|Polish Linguisa tomato shaped like a penguin. Because.|
My tomatoes are close to being finished for the season, but until recently we were being occasionally overwhelmed by the production of only eight plants (or really five, because three never amounted to much) and after I got back from a trip I found myself with many ripe tomatoes and no time to make tomato sauce the long-cooking way – and needed something to put on the ravioli! So here was my quick solution:
Tomato Sweet-Potato Sauce
You can vary the amount of sauce produced depending on how many tomatoes you want to use up. I started with about 5 medium-sized tomatoes and one sweet potato.

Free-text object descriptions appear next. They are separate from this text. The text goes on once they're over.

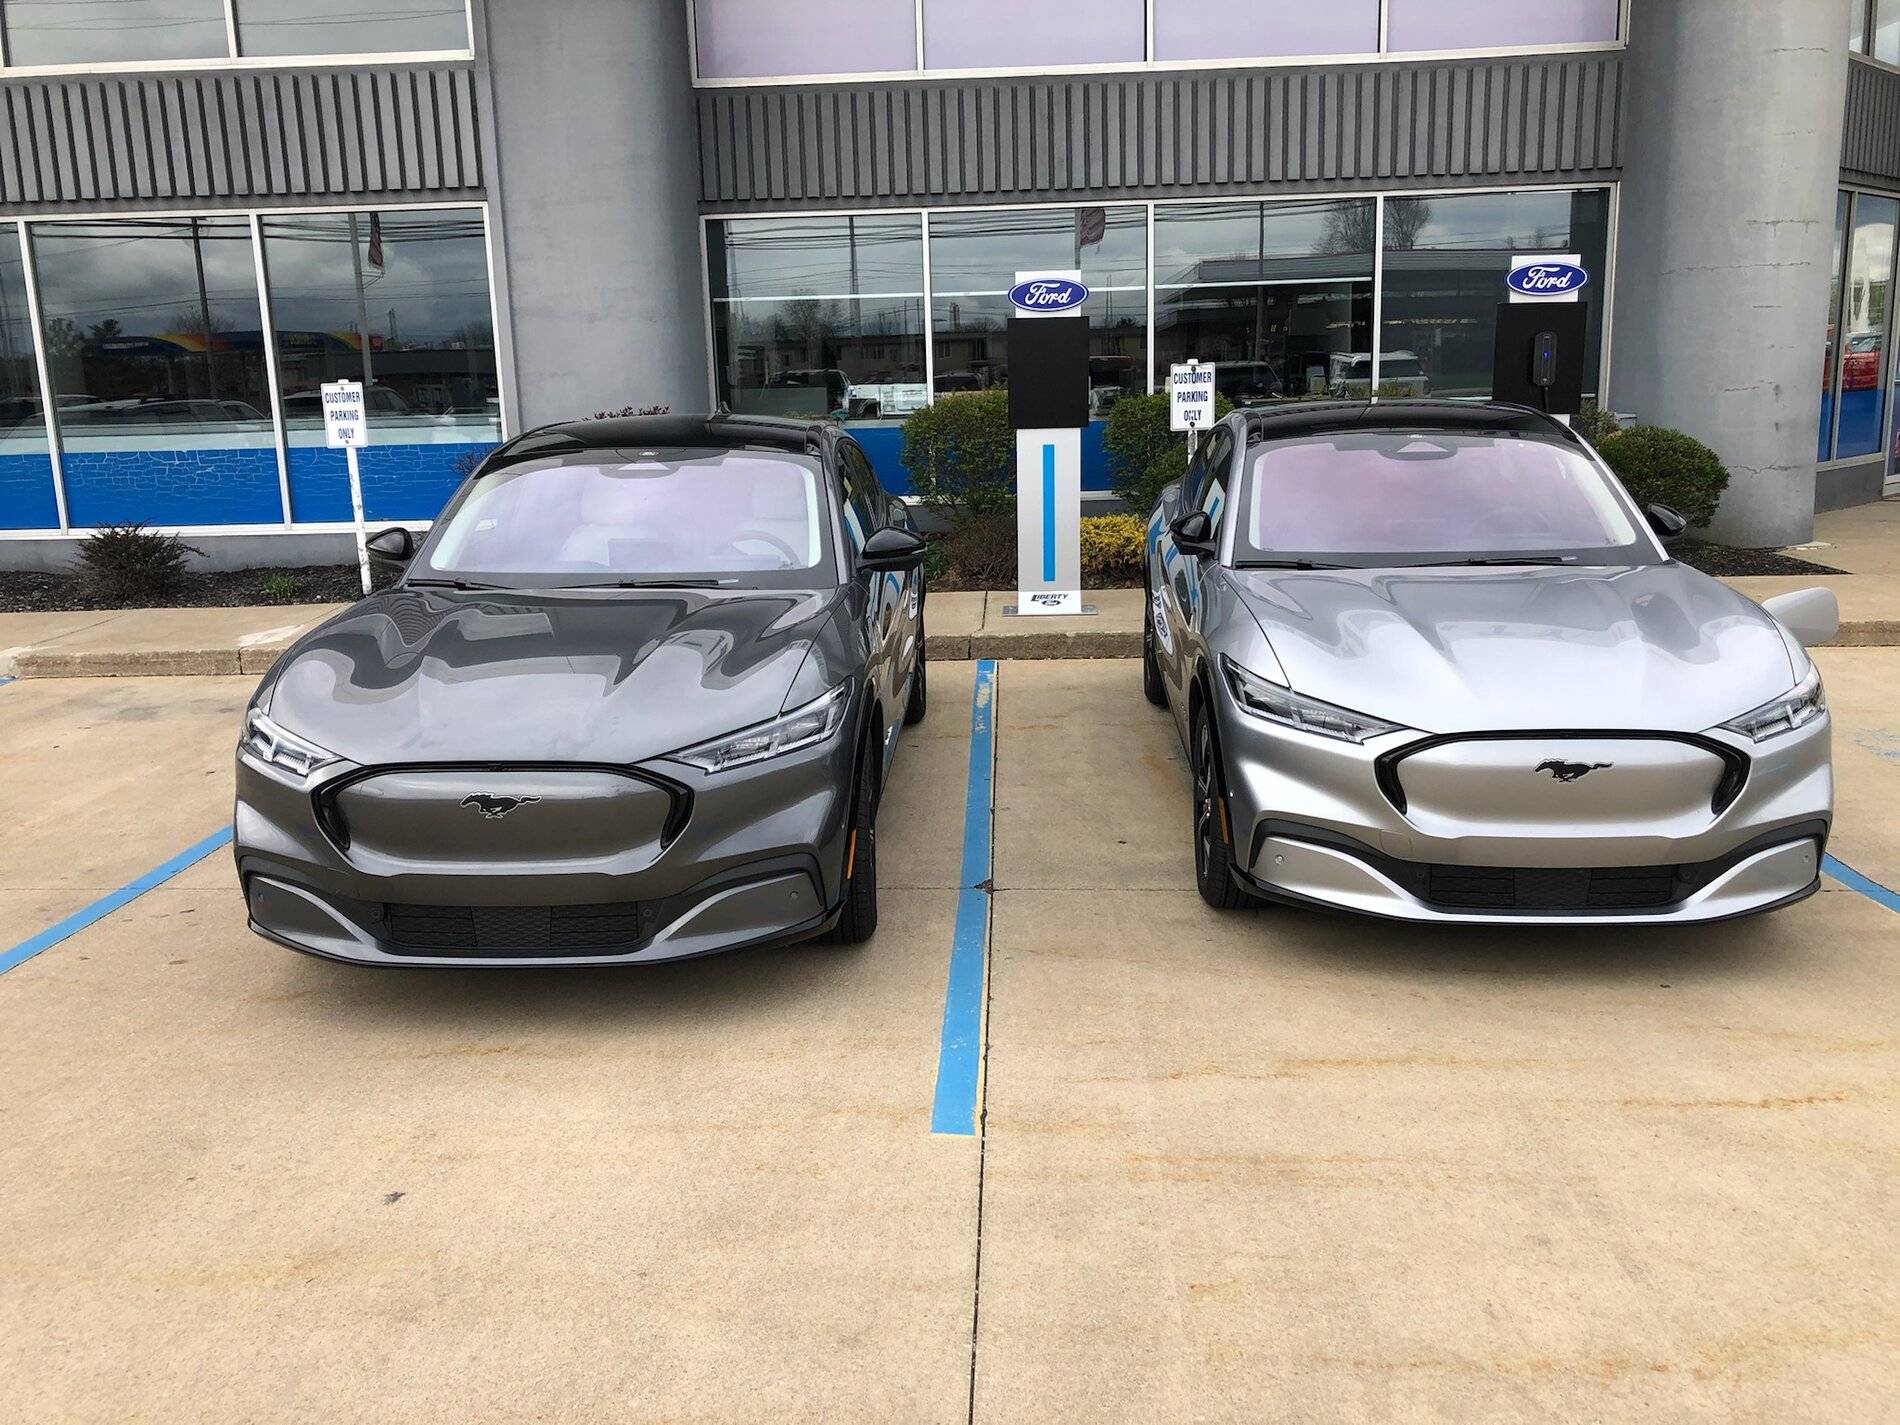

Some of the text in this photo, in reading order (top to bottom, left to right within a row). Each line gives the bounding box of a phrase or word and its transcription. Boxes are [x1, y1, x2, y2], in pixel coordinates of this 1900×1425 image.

[1523, 266, 1573, 289] Ford
[1024, 282, 1072, 305] Ford
[1173, 371, 1212, 384] CUSTOMER
[325, 391, 361, 404] CUSTOMER
[1177, 390, 1208, 403] PARKING
[330, 409, 359, 421] PARKING
[1183, 409, 1202, 422] ONLY
[338, 428, 354, 439] ONLY
[1031, 593, 1069, 602] LIBERTY

Trim any unripe or nasty bits off the tomatoes (no need to peel) and cut them into quarters or eighths depending on size. Paste-type tomatoes, or other solid-fleshed ones, work better for this, but whatever you have will do fine. It works best to scoop out some of the seeds and watery pulp, but you don’t need to get it all. (I have generally been letting cut tomatoes sit in a colander over a bowl and mushing them down a bit to extract juice – which can be saved for other purposes – but didn’t bother with that this time.) Put the tomato pieces into a blender and puree.
Cook the sweet potato(es) – 5 minutes in the microwave will do it for all but the largest (make sure to pierce with a fork first). Scrape out the flesh and add it to the blender, then puree that too.
The resulting sauce was thick enough for me to use without further cooking down, but if yours is thin, put it into a pot and cook it on the stove for a while until it’s thicker. Season as desired (salt and pepper, oregano, thyme, etc.) and then use as a pasta sauce or however you want. I cooked some vegetables separately and then added the sauce, and used it on top of vegetable-and-cheese-stuffed ravioli. Nice red-orange color and sweet-tart taste!